Hay cuervos encaramados a las copas de tres árboles muertos, con las raíces inundadas. Los cuervos, concluye, son los intrusos que han inquietado a los mirlos y han provocado su canto agudo. La protección que proporcionan le resulta cómoda. Como los peldaños que crujen en una escalera podrían alertarlo de la llegada de un intruso. O como esa misma construcción lúgubre, en medio de decenas de hectáreas de bosque bajo y pantanos, le resultaba tranquilizadora. Casi inaccesible, hostil hasta el extremo, es su hogar ideal lejos del hogar.
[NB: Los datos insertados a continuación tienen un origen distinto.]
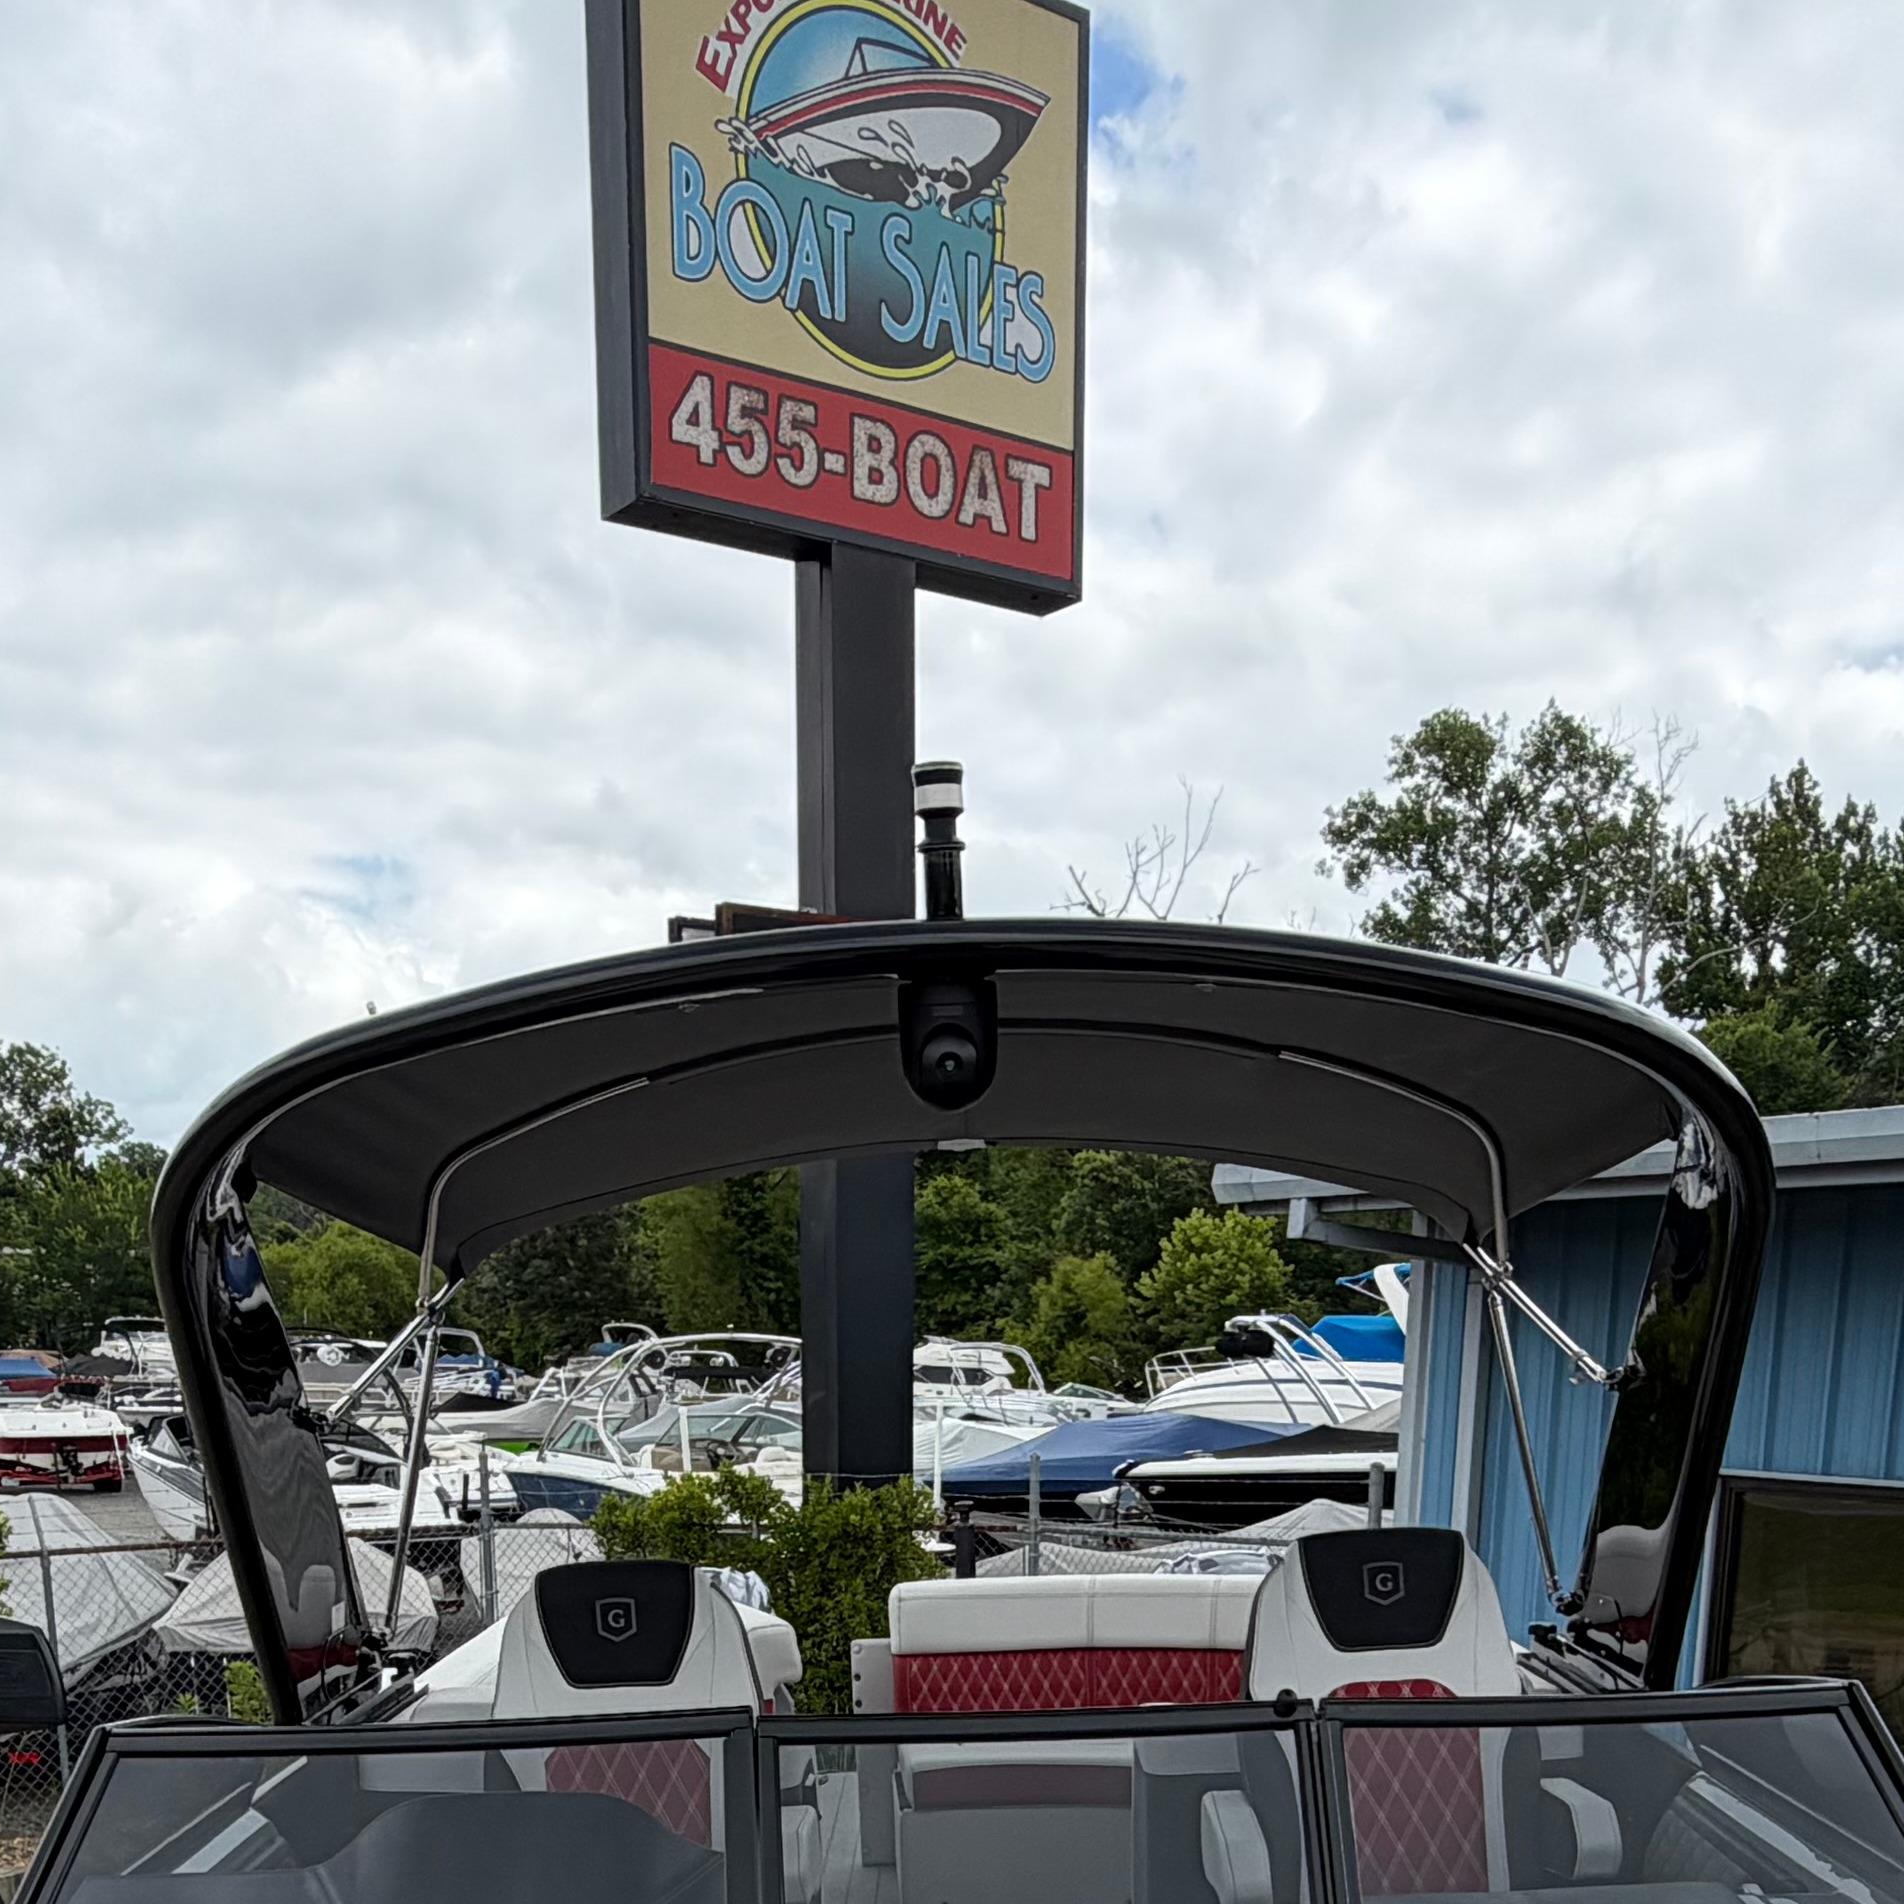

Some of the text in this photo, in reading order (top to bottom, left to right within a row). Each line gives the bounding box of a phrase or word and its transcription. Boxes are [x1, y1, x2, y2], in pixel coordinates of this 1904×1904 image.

Tiene muchos hogares lejos del hogar. Lugares donde quedarse cuando se ocupa de sus negocios. Cuando cumple con sus encargos. Este lugar en particular, sin sendero visible desde la carretera, siempre le ha producido una sensación de seguridad.

Fat Gus había representado otra clase de senda. Una senda de información sensible. Información que podía resultar ruinosa. Pero que había sido erradicada en su nacimiento. Lo que hacía que este asunto con Bincher, Hardwick y Gurney fuera tan incomprensible. Tan exasperante.

Al pensar en Bincher, su mirada vaga hasta una esquina en sombra de la estancia que parece un garaje. Una nevera de pícnic de plástico azul y blanca. Sonríe. Pero la sonrisa se desvanece pronto.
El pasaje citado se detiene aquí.